Stop writing boilerplate Python. Stop wiring together visual spaghetti graphs. Start building AI teams that actually learn from their mistakes.
Markdown Agent Studio is a local-first, browser-based IDE for building self-improving AI agent systems. An agent is not a stateless API call - it is a living document that can work, remember, collaborate, and evolve.
Every AI agent built on the same model starts with the same intelligence. The industry tries to differentiate them through prompt engineering (telling them what to be) and fine-tuning (showing them what others have done). Neither is actual learning. A prompted agent doesn't get better at writing stories by writing stories. It gets the same result every time, from the same static starting point.
Humans don't work this way. We learn by doing, failing, reflecting, and carrying that experience forward. AI agents have had no equivalent - until now.

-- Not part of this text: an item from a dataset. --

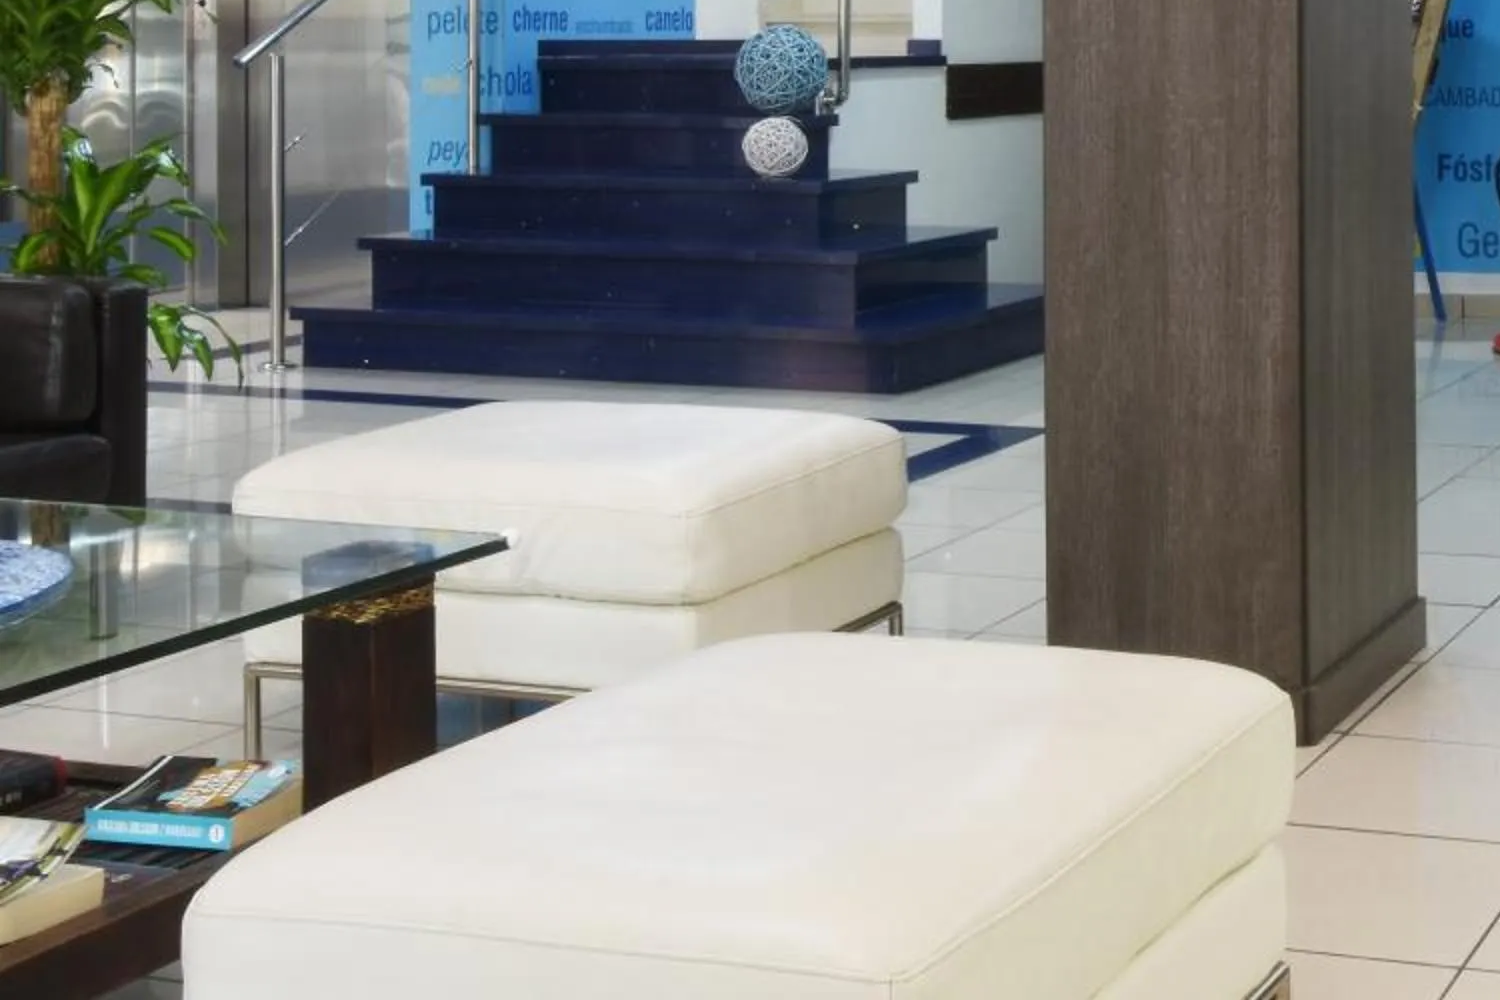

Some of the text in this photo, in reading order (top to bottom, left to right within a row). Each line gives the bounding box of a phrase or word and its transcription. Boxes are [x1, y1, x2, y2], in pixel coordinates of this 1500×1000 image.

You give an agent a task. It runs, produces output, and reflects on what it did. On the next run, its memory from the previous session feeds back in. It sees what it tried, what fell flat, what worked. It spawns sub-agents to research or review. When context fills up, a summarizer compresses working memory into long-term knowledge - deduplicating what it already knows, preserving what's new.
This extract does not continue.